La fréquentation des discours militants m’a souvent donné l’impression que les mots me filaient entre les doigts : tel terme que, dans un texte, je lisais être inadéquat pour décrire les variations du sexe, je le retrouvais employé dans un autre sans mise à distance du dire (intersexualité en est l’exemple le plus frappant, critiqué parce que faisant référence à la sexualité, mais employé tout de même par un grand nombre de militant·es) ; tel phénomène langagier que je pensais avoir réussi à circonscrire se révélait finalement non pertinent. Ceci était d’autant plus troublant que le discours médical et le discours parental fonctionnaient pour leur part de manière beaucoup plus lisse et univoque. Cette opacité, ce trouble dans le discours me semblent donc avoir des conséquences importantes sur l’interpellation des sujets, et doivent être analysés au regard de leurs implications et de leurs effets politiques. Si la locutrice en (63) disait être une « inculte de la culture queer », il semble toutefois que la pratique du trouble dans les mots peut justement être conçue comme une vraie démarche queer, telle que Bourcier les décrit : refuser de s’impliquer dans les termes posés par une forme d’autorité ou un régime disciplinaire et chercher plutôt à trouver la position stratégique qui permet d’en exhiber les mécanismes.
Ces remarques invitent à questionner l’existence même d’une FD de sexe-genre-sexualité intersexe : qu’est-ce donc qu’une FD où les interpellations sont troubles (et donc non évidentes) et où le sens des mots est perpétuellement remis en question ? Dans cette perspective, la FD de sexe-genre-sexualité intersexe apparaît comme une FD au fonctionnement différent de celle étudiée au chapitre 4 : son idéologie se matérialise peu en discours, elle recrute autrement les sujets ; c’est finalement une FD peu consistante, peu assujettissante. C’est bien la question du sujet qui est ici en jeu, dont j’ai montré au début de ce chapitre qu’elle était problématique dans la théorie de la FD des années 1960 et 1970. Le problème de la FD originale, c’est qu’elle fait disparaître le sujet comme toujours déjà assujetti ; or si on l’introduit, comme j’ai tenté de la faire, une possibilité de puissance d’agir, la force idéologique matérialisée dans la FD se retrouve affaiblie, mais la puissance politique des sujets devient plus grande. C’est en ce sens qu’on peut penser des FD de sexe-genre-sexualité queer, dont ferait partie la FD intersexe, et qui se situeraient à la fois dans les idéologies (entrant dans des relations antagoniques avec d’autres FD) et à travers elles, en permettant une multiplicité de réalisations subjectives dans des pratiques micro-politiques de résistance.
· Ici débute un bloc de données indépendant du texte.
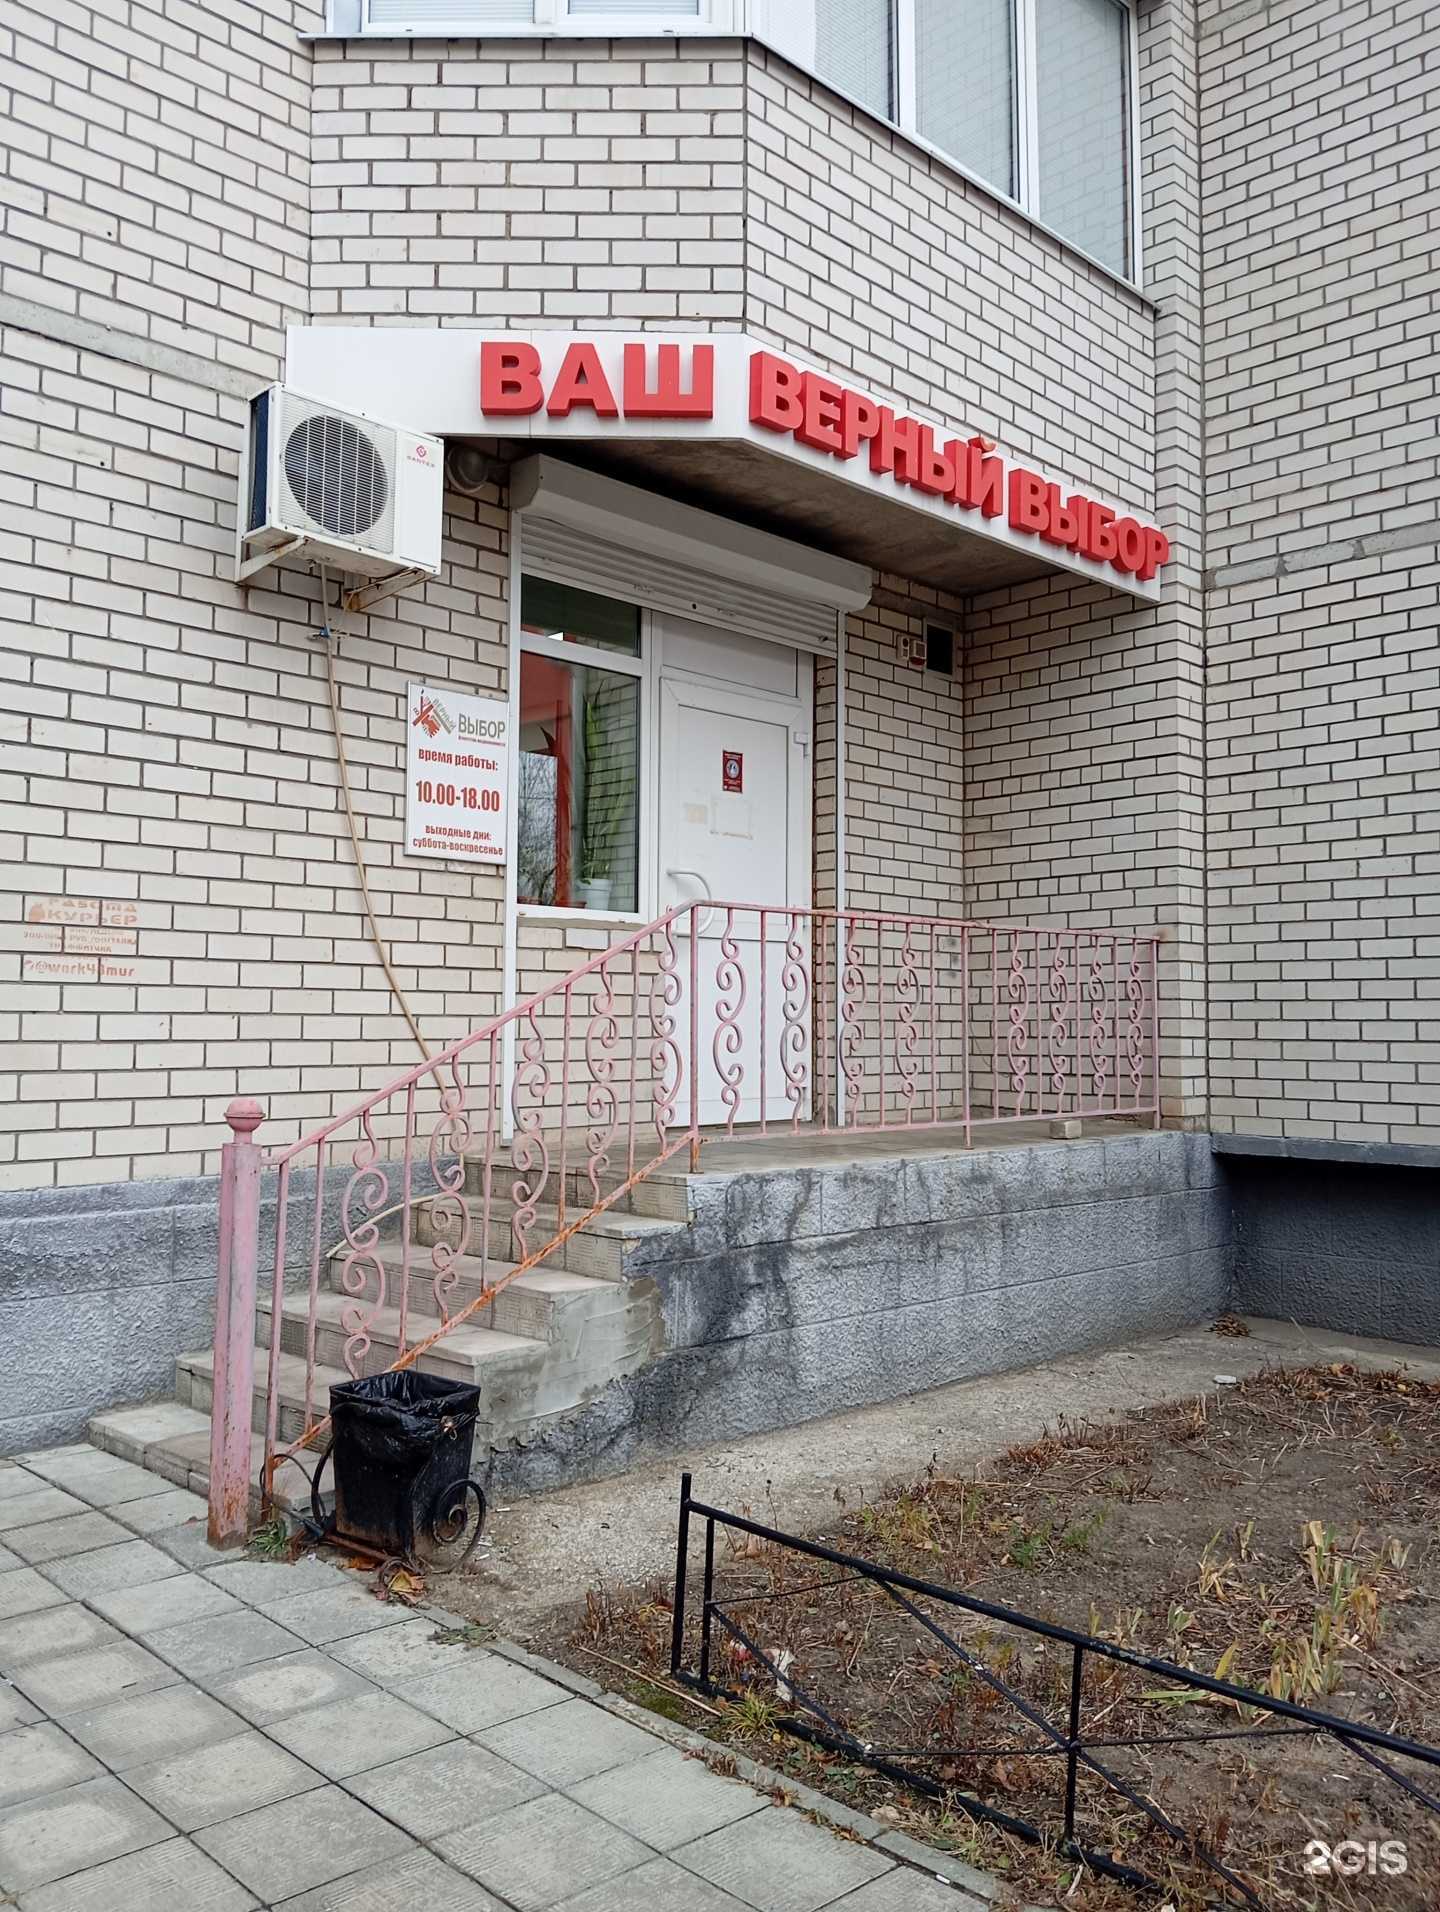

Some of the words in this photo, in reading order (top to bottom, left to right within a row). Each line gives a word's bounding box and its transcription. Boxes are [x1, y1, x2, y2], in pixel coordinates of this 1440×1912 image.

Le fonctionnement idéologique de la FD intersexe, consiste alors moins dans la production d’évidences quant au sexe et au genre, que dans un mouvement d’opposition aux autres FD. Ses failles, quant à elles, se placent alors dans d’autres lieux : dans la création de sens non stabilisés, perpétuellement en mouvement et, finalement, difficiles à saisir et à rassembler.
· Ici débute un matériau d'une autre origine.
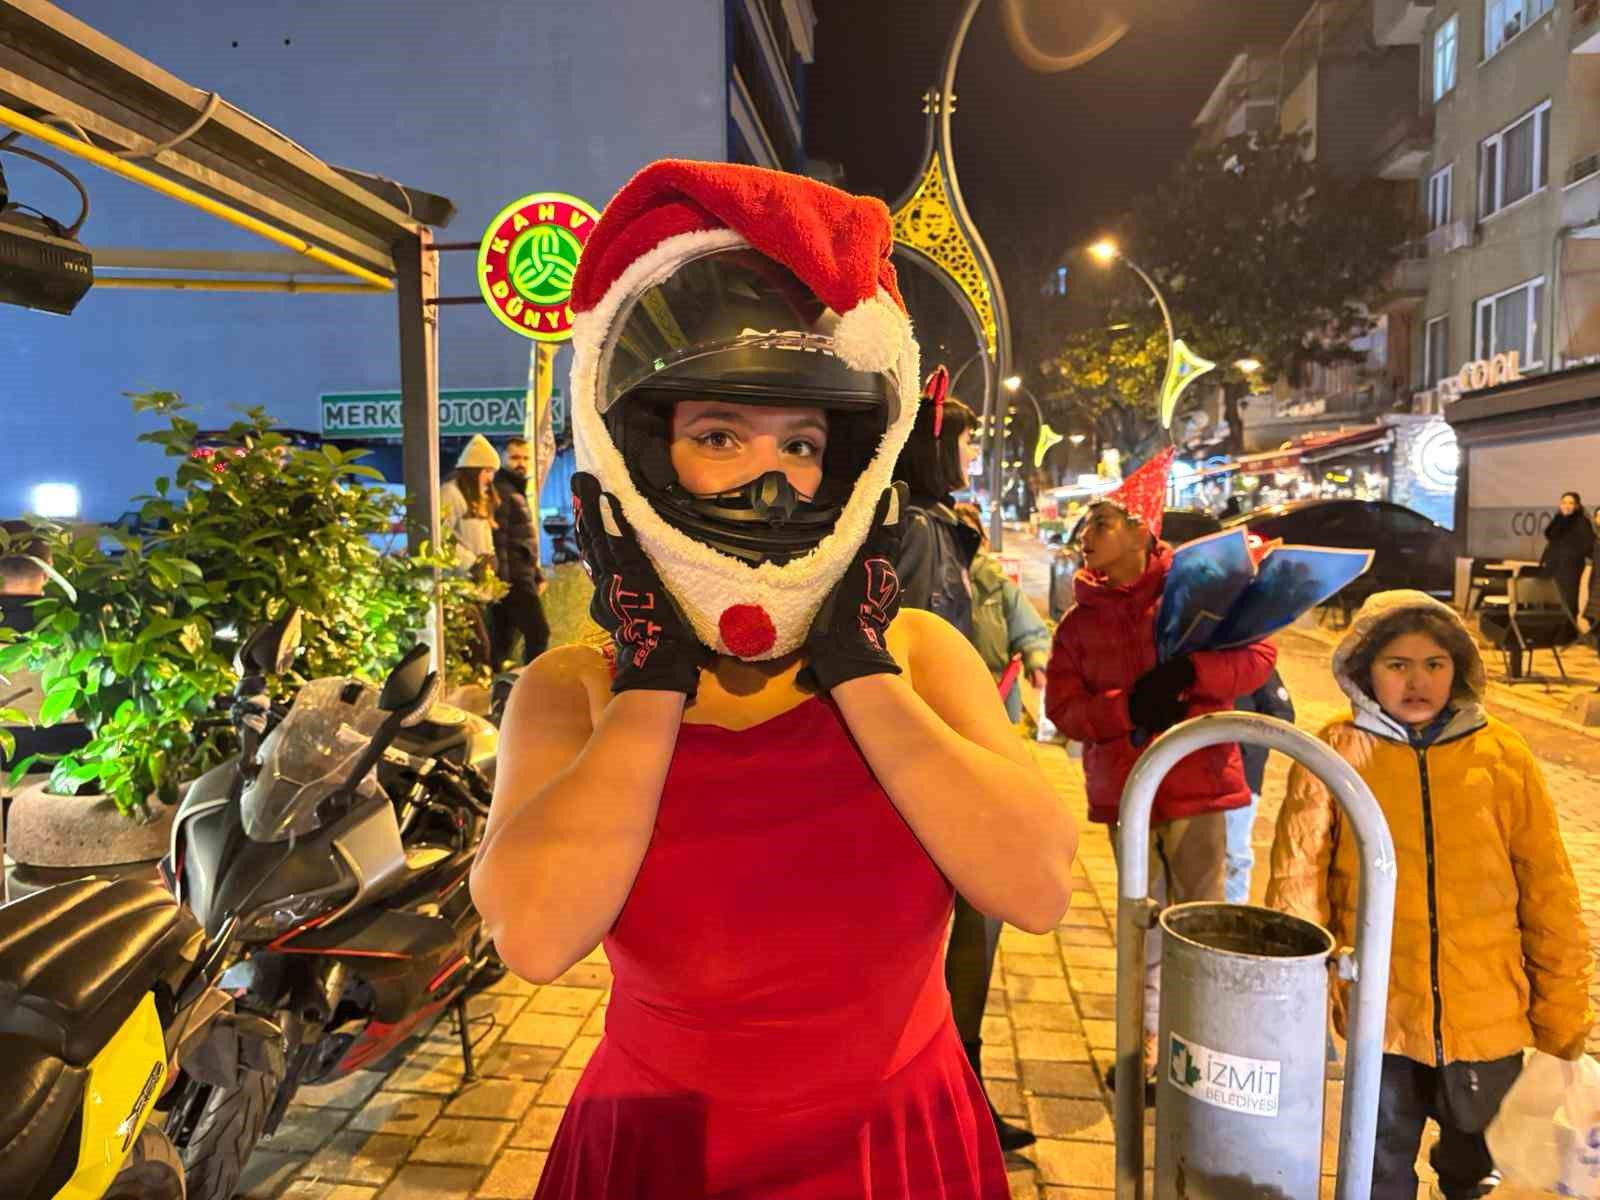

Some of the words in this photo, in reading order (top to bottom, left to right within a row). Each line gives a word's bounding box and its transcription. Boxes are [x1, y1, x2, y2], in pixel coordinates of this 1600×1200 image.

[491, 203, 588, 254] KAHV
[325, 402, 403, 428] MERK
[439, 399, 561, 426] OTOPAK
[1206, 1054, 1277, 1095] İZMİT
Proposer une nouvelle dynamique de la prise en compte du sujet à travers la notion d’agency a alors notamment permis de thématiser une FD de sexe-genre-sexualité intersexe dont le fonctionnement diffère de la précédente : la force idéologique des discours se matérialise dans un mouvement réflexif, et, si les sujets n’y sont pas libres, ils mettent au jour les mécanismes assujettissants du discours médical par une certaine puissance d’agir discursive.